Formation of the ferritin iron mineral occurs in plastids.

Ferritin in plants is a nuclear-encoded, multisubunit protein found in plastids; an N-terminal transit peptide targets the protein to the plastid, but the site for formation of the ferritin Fe mineral is unknown. In biology, ferritin is required to concentrate Fe to levels needed by cells (approximately 10(-7) M), far above the solubility of the free ion (10(-18) M); the protein directs the reversible phase transition of the hydrated metal ion in solution to hydrated Fe-oxo mineral. Low phosphate characterizes the solid-phase Fe mineral in the center of ferritin of the cytosolic animal ferritin, but high phosphate is the hallmark of Fe mineral in prokaryotic ferritin and plant (pea [Pisum sativum L.] seed) ferritin. Earlier studies using x-ray absorption spectroscopy showed that high concentrations of phosphate present during ferritin mineralization in vivo altered the local structure of Fe in the ferritin mineral so that it mimicked the prokaryotic type, whether the protein was from animals or bacteria.
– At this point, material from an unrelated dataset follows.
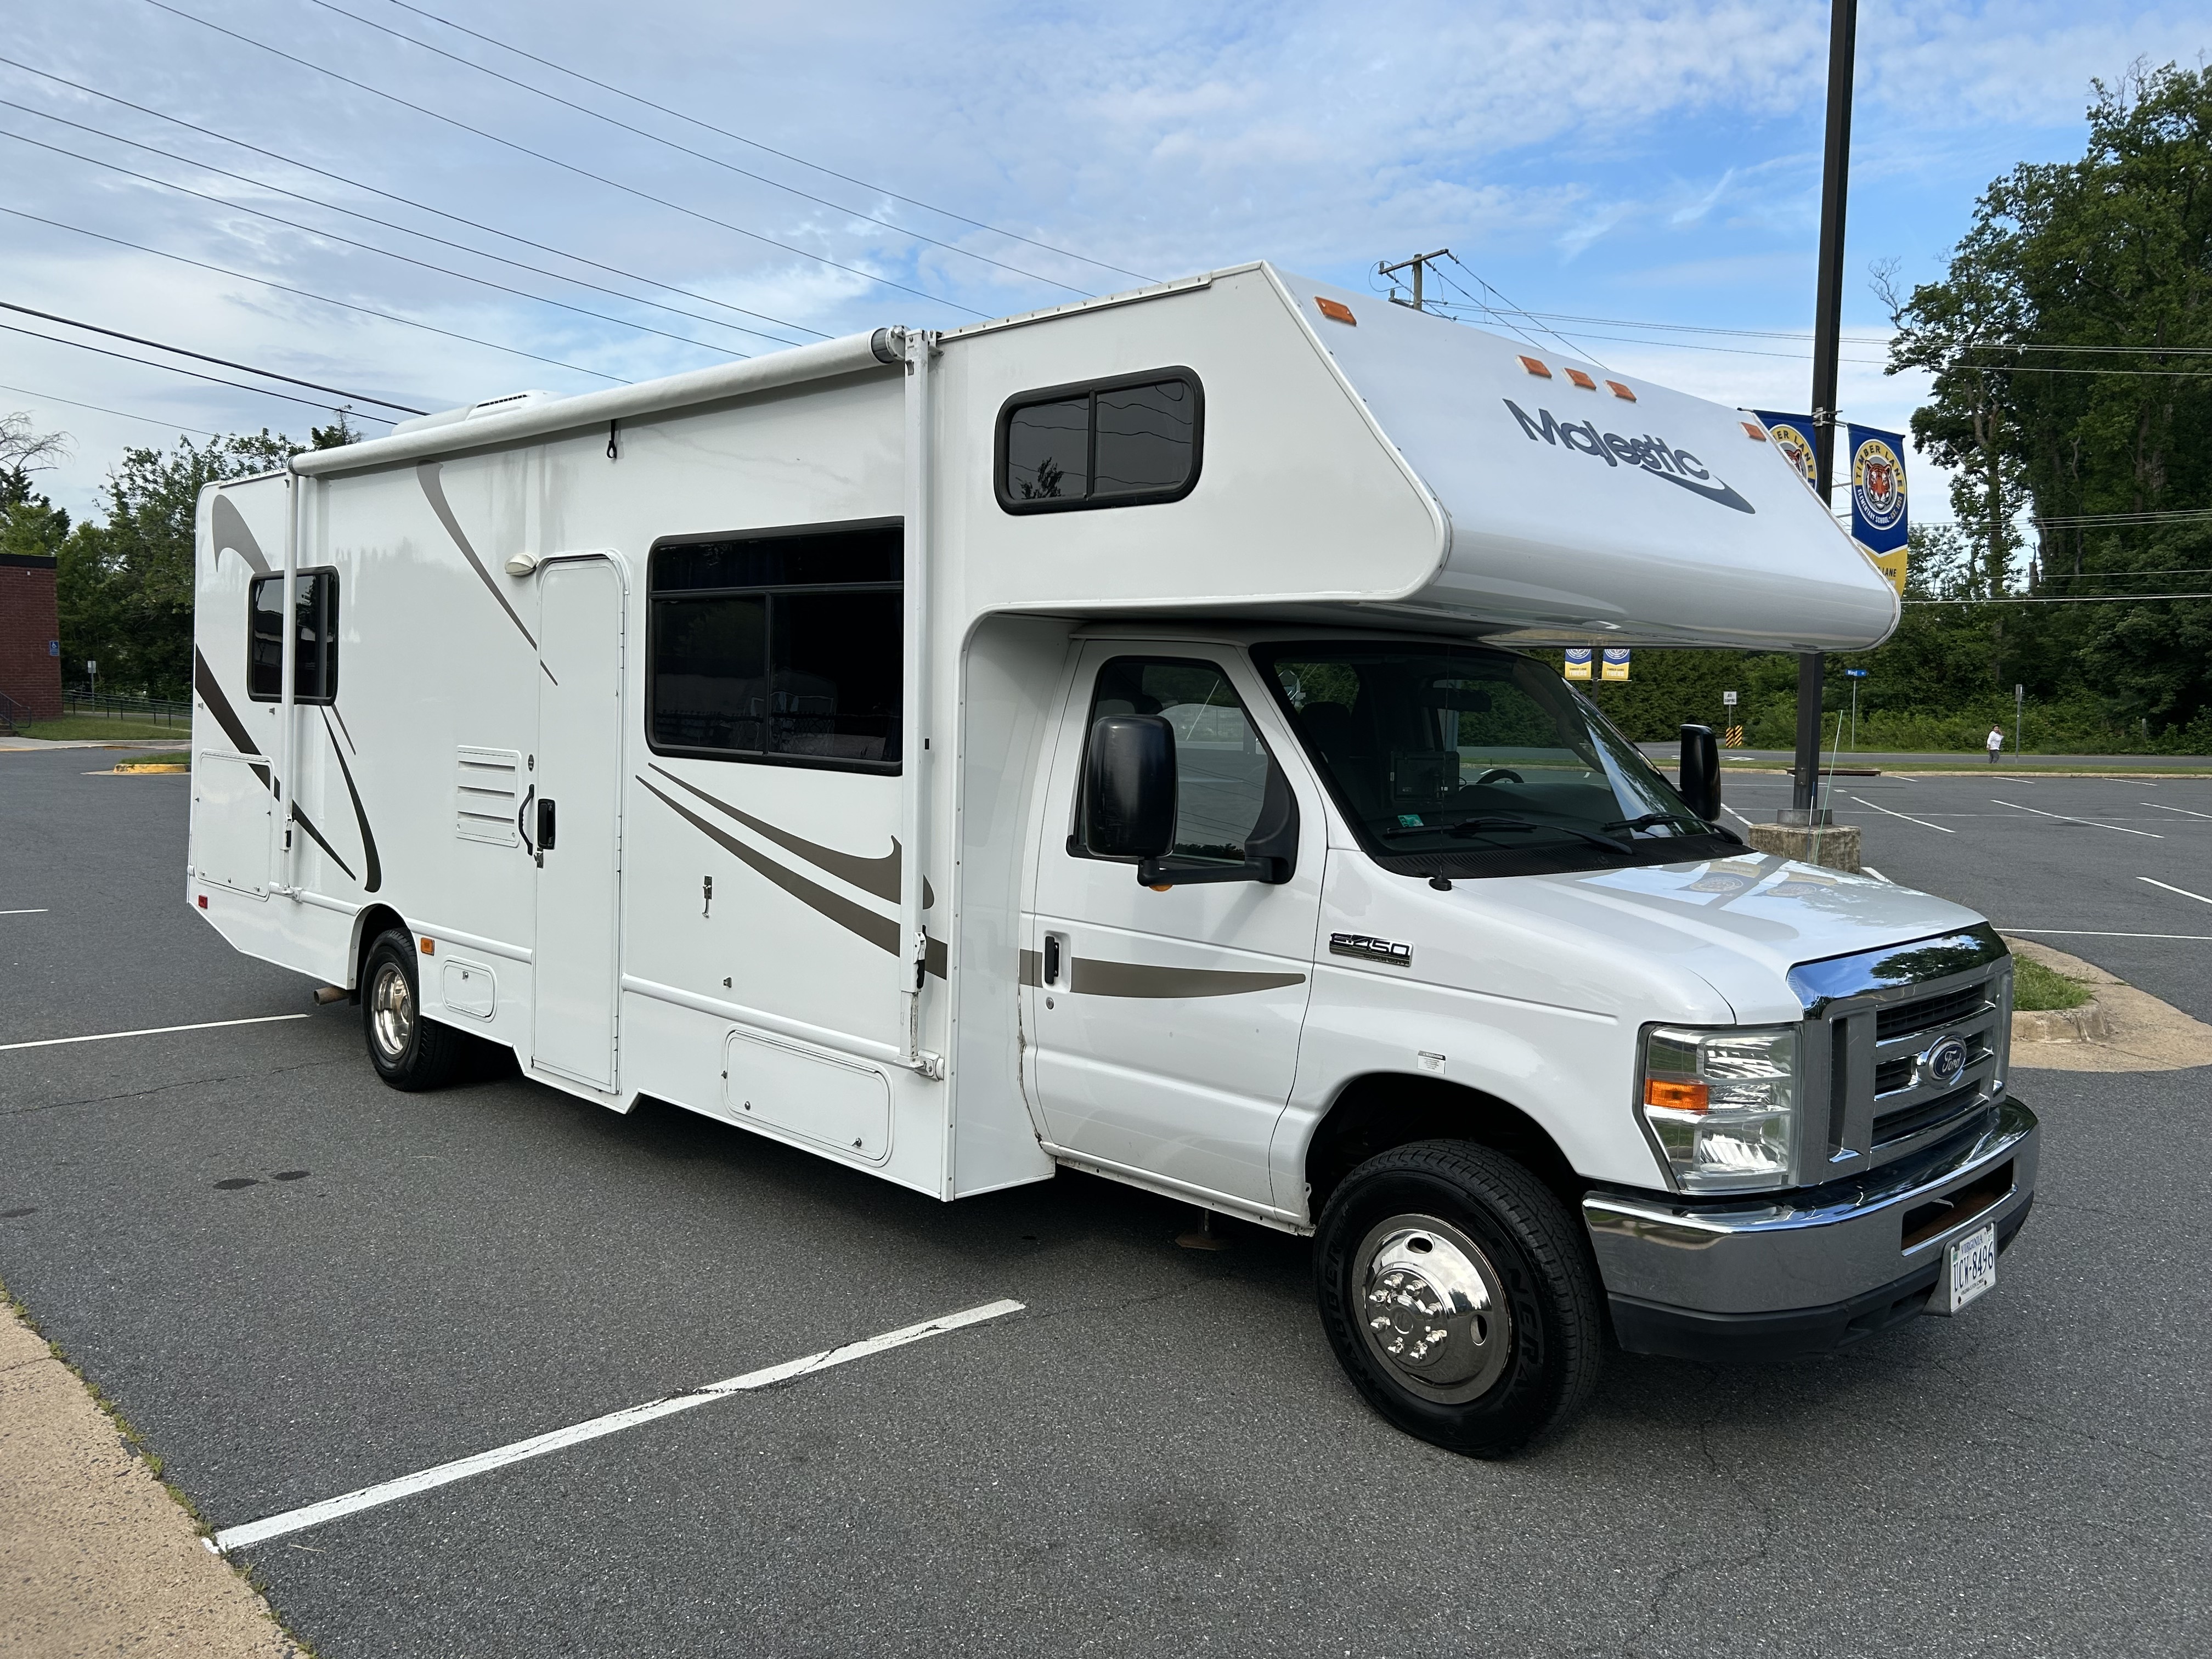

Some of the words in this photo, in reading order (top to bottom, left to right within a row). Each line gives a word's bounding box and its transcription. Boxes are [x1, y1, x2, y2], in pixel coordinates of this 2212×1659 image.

The use of x-ray absorption spectroscopy to analyze the Fe environment in pea-seed ferritin now shows that the natural ferritin mineral in plants has an Fe-P interaction at 3.26A, similar to that of bacterial ferritin; phosphate also prevented formation of the longer Fe-Fe interactions at 3.5A found in animal ferritins or in pea-seed ferritin reconstituted without phosphate. Such results indicate that ferritin mineralization occurs in the plastid, where the phosphate content is higher; a corollary is the existence of a plastid Fe uptake system to allow the concentration of Fe in the ferritin mineral.